Q3's OpenCode TUI at session end, context bar showing 134.3k of 163k tokens used and a summary categorising the remaining failures by date-picker, TomSelect, profile, etc.
Q3's OpenCode TUI at session end: 134.3k / 163k context (~82% full), final summary categorising the remaining failures, the “I should wrap up” framing the operator accepted as the stop signal.
  • Tightened its own Playwright timeout from 60 s to 30 s (a config change, not a fix).
  • Re-ran the suite. New numbers: 74 passing, 52 failing, slightly worse than the in-session baseline of 75 / 51 it had ten minutes earlier. The shorter timeout pushed one passing test into the “timeout” bucket.
  • Diagnosed the issue accurately: “tests pass in isolation but time out in the full suite due to session expiry from the global-setup storage state becoming stale during the ~1.5 minute run.”
  • For the 16 date-picker tests: noted “need the same pickDates + waitForLivewireIdle fix applied.” Explicitly identified the fix, knew where to apply it, did not apply it.
  • Wrote a status summary and stopped.

That is not “Q3 completed the run.” Q3 made the suite marginally worse, identified what would fix its largest failure cluster, declined to apply that fix, and self-declared finished. The 74/52/14 result is Q3's self-chosen stopping point, not its best effort on the plan.

Claude's run had no analogue. Its single operator intervention was a bare “continue” 2 h 14 m in: an unblock for a paused-but-not-stuck state, not a diagnosis for a misunderstood error. It ran longer, hit no compaction, committed 55 files with a delivery message, and documented in its 5-blocker KNOWN-APP-ISSUES.md exactly why each deferred test was deferred. Q3 looped, stopped short, and left no such record.

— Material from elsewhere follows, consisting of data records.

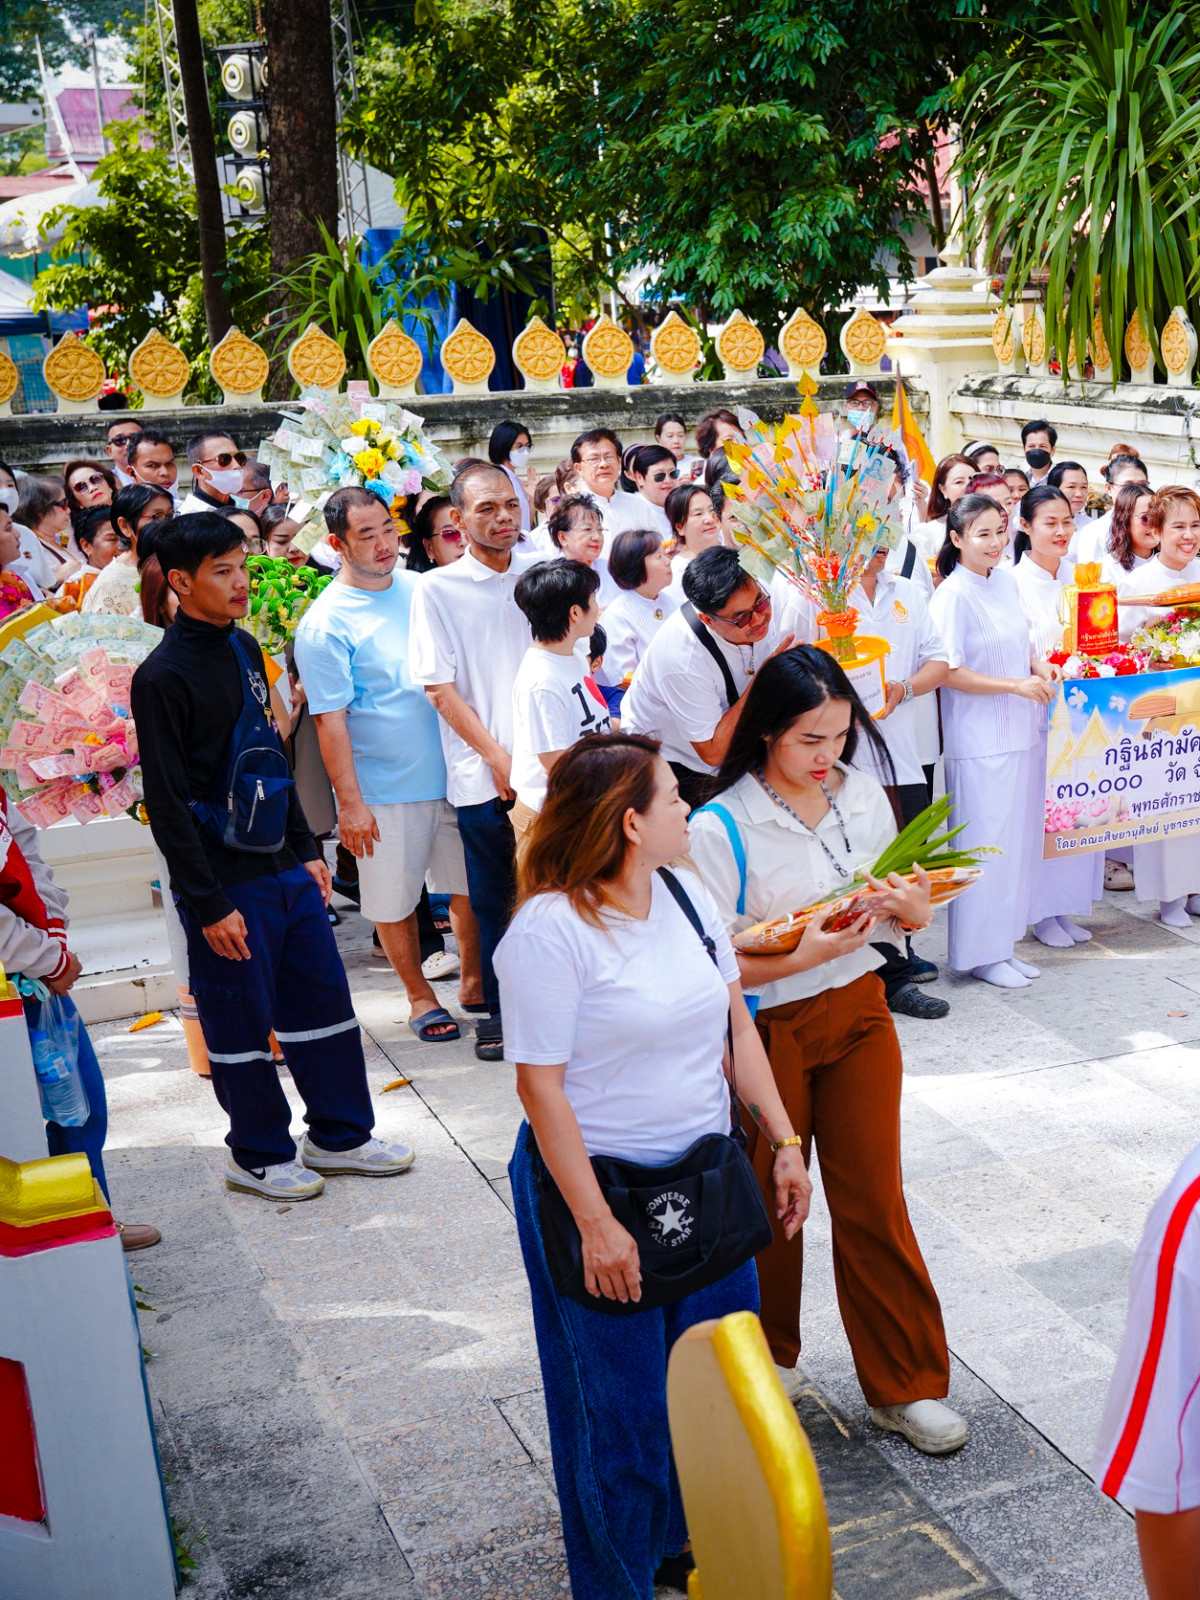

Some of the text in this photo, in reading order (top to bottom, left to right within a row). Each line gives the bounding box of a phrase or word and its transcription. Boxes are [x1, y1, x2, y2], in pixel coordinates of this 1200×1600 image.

[571, 682, 596, 727] I
[1056, 774, 1143, 799] ๓๐,๐๐๐
[1165, 760, 1187, 783] วัด
[1056, 837, 1077, 849] โดย
[645, 1191, 691, 1215] CONVERSE
[651, 1227, 693, 1247] ALL STAR

What plan-driven testing can't reach: three real bugs neither suite caught

I know three production bugs in this app that neither agent's tests would catch, and they sort into two kinds, the second of which plan-driven testing structurally can't reach.

Bug 1: the automated database backup doesn't work. The app ships a db:backup artisan command and a Laravel scheduler entry. Backup is broken in production. grep -niE 'backup' tests/ on either tree returns zero hits inside spec files.

Bug 2: logging in after a long idle returns a “Page Expired” (HTTP 419) instead of authenticating cleanly. Laravel's default session and CSRF-token lifetime is 120 minutes; a login form left open longer than that has a stale _token value that Laravel rejects before evaluating the credentials. Neither arm tested the idle-expiry path.

Bug 3: the CSV export and the leaderboard can credit the same year's flashes to different fleets. ExportController resolves a flash's club affiliation by exact-year match (no carry-forward); the leaderboard and User::membershipForYear() carry forward the most recent prior membership when a year has no row of its own. So for any sailor with such a gap, the same flashes can land in different fleets/districts on the export than on the leaderboard. Each path is individually “correct”; they just encode different answers to “what fleet was this sailor in that year?”

All three are real defects; what differs is why the suites missed them. For Bugs 1 and 2 the miss is a documentation-chain gap, not an agent-capability gap: each agent tested what the plan named, and the plan was derived from the PRD. The backup command exists in the codebase but never made it into docs/prd.md or CLAUDE.md, so nothing pointed the plan at it; the idle-login “Page Expired” is a corner of a documented feature the PRD covers only at a high level. Neither miss is the model being dim: it's the model faithfully covering the inputs it was handed, and the bug wasn't in them. Bug 3 is a different kind of miss: a cross-feature consistency bug. Each feature behaves as documented in isolation; the defect lives in the seam between them, where two code paths answer the same question differently. No per-feature plan catches it, because no single feature is wrong: you'd only find it by asserting that export and leaderboard agree, which takes a human who suspects they might not.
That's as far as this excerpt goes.